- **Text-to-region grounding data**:
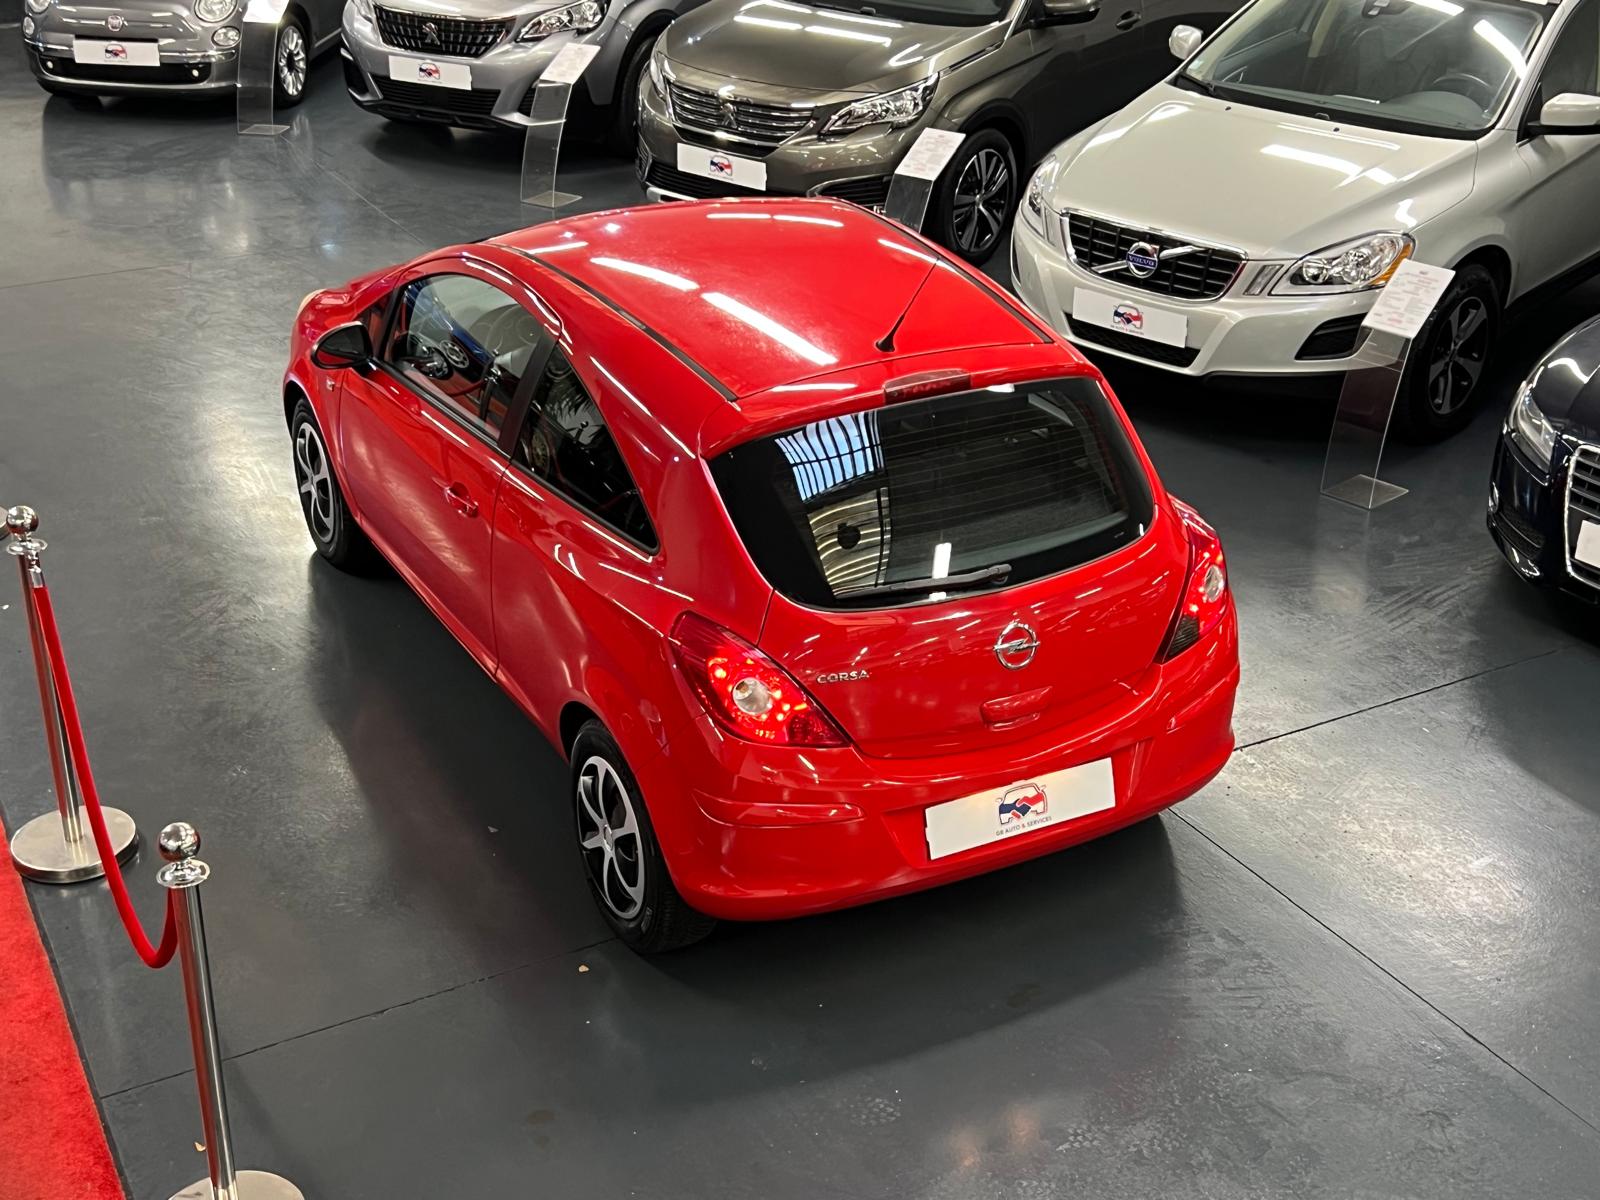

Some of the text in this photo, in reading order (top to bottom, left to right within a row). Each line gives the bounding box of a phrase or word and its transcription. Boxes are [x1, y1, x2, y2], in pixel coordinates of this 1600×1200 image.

[1128, 254, 1155, 266] VOLVO
[817, 670, 870, 684] CORSA
[1005, 824, 1020, 833] AUTO
[1027, 816, 1052, 827] SERVICES
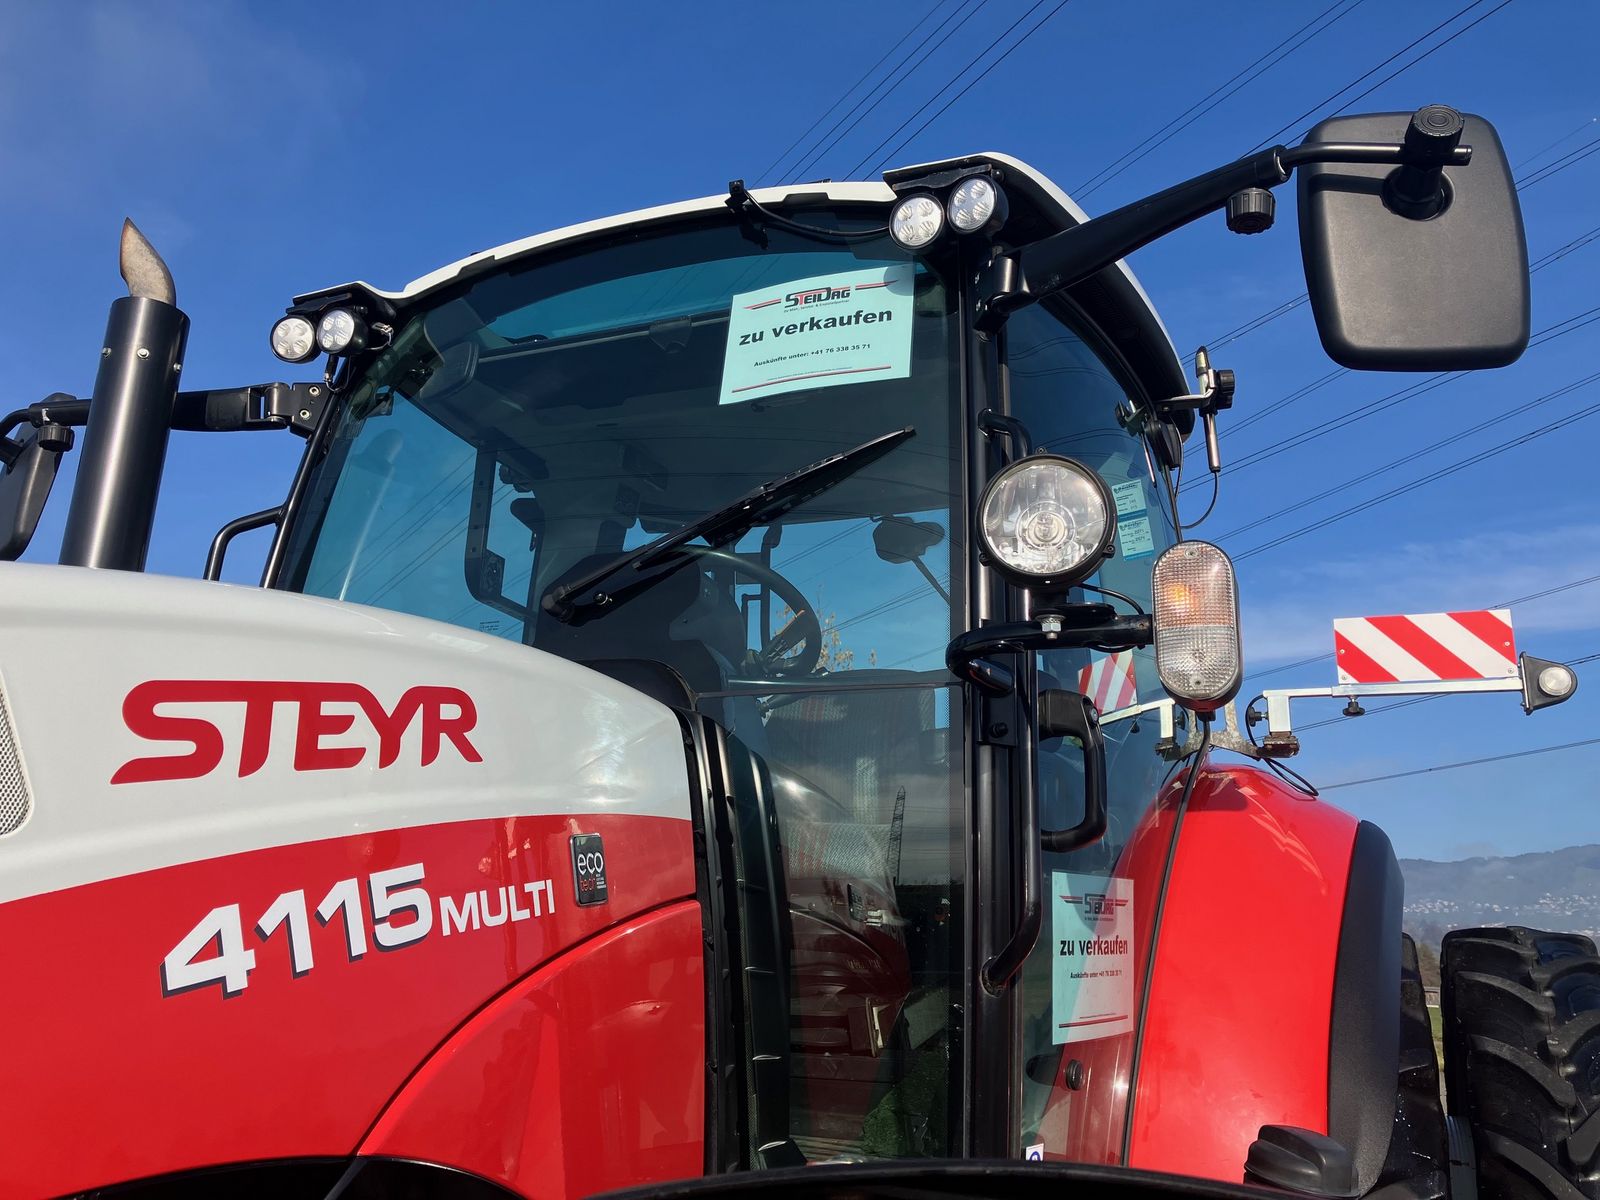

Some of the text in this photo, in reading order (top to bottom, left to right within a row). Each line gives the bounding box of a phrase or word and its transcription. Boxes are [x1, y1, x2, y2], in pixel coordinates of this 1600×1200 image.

[738, 309, 893, 346] zu verkaufen
[788, 351, 809, 360] unter:
[811, 348, 823, 357] +41
[825, 346, 834, 354] 76
[836, 345, 849, 353] 338
[109, 679, 484, 785] STEYR
[577, 852, 604, 875] eco
[160, 862, 556, 1000] 4115 MULTI
[1059, 935, 1128, 956] zu verkaufen
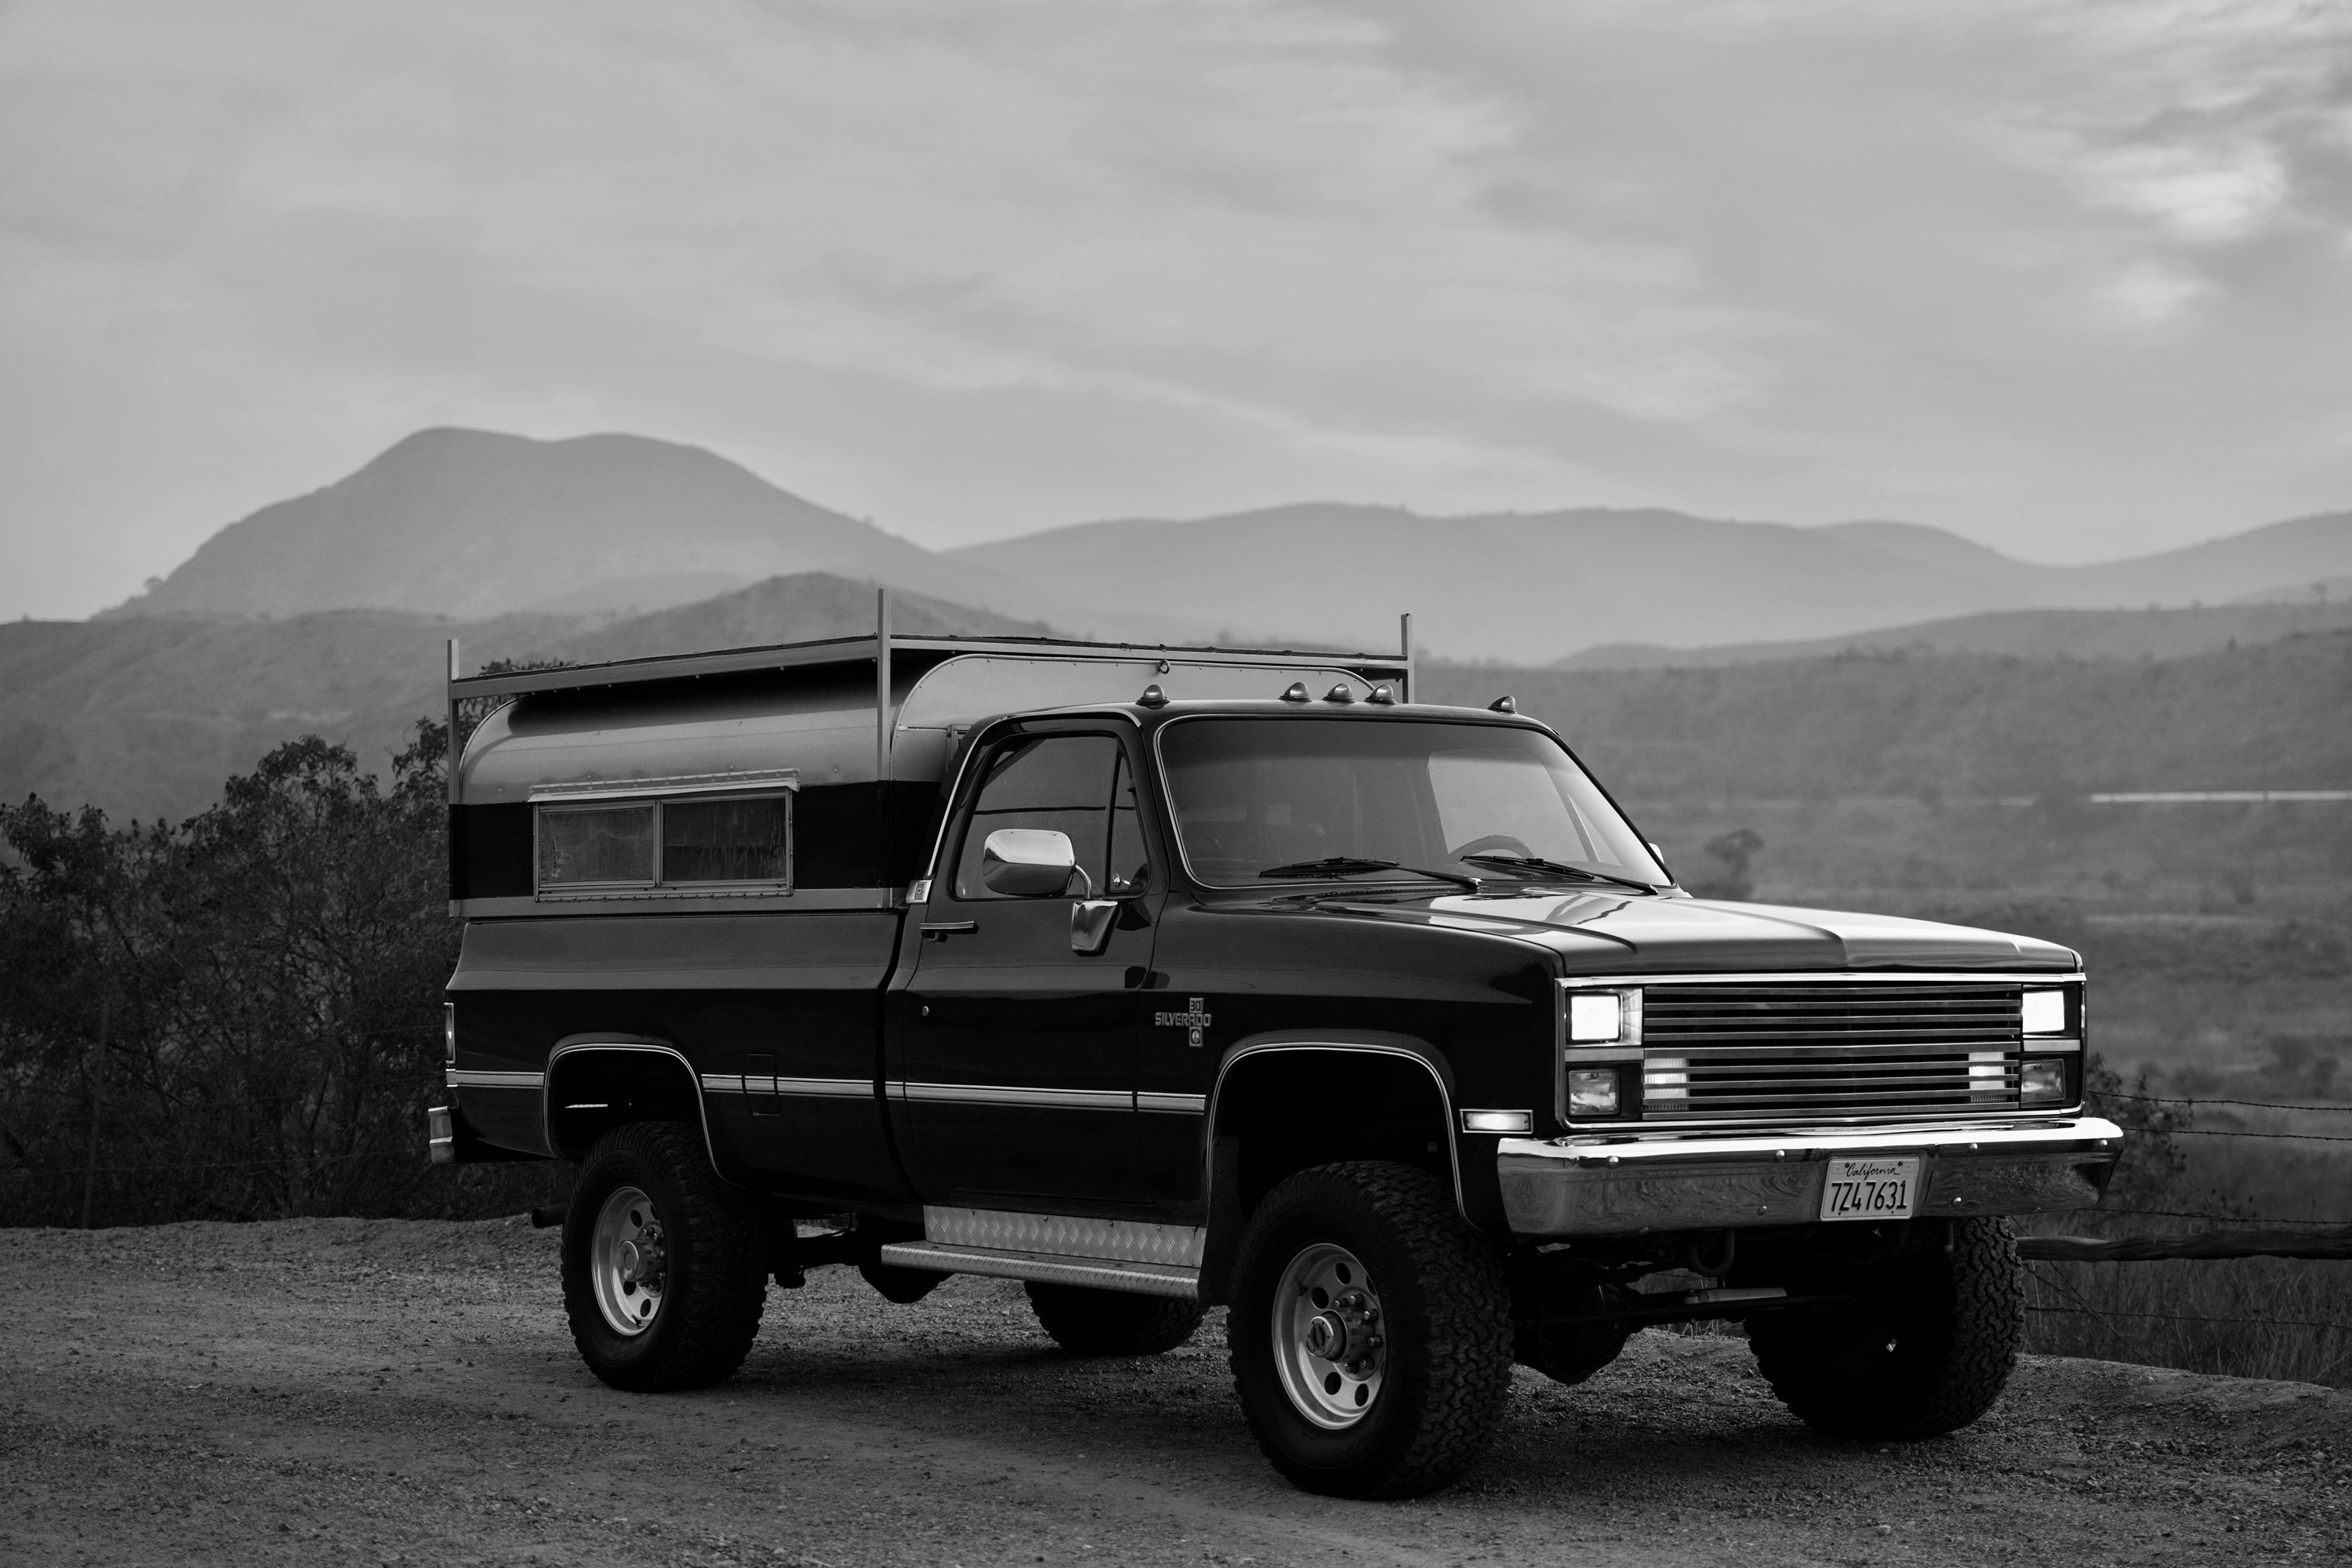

- **About this exercise**: Copy out every entry exactly as written, but not the pictures.

- **Answer for this exercise**:
Some of the text in this photo, in reading order (top to bottom, left to right within a row). Each line gives the bounding box of a phrase or word and its transcription. Boxes are [x1, y1, x2, y2], in pixel coordinates of this 1600×1200 image.

[1128, 254, 1155, 266] VOLVO
[817, 670, 870, 684] CORSA
[1005, 824, 1020, 833] AUTO
[1027, 816, 1052, 827] SERVICES

Some of the text in this photo, in reading order (top to bottom, left to right within a row). Each line gives the bounding box of a phrase or word and its transcription. Boxes are [x1, y1, x2, y2], in pixel coordinates of this 1600×1200 image.

[738, 309, 893, 346] zu verkaufen
[788, 351, 809, 360] unter:
[811, 348, 823, 357] +41
[825, 346, 834, 354] 76
[836, 345, 849, 353] 338
[109, 679, 484, 785] STEYR
[577, 852, 604, 875] eco
[160, 862, 556, 1000] 4115 MULTI
[1059, 935, 1128, 956] zu verkaufen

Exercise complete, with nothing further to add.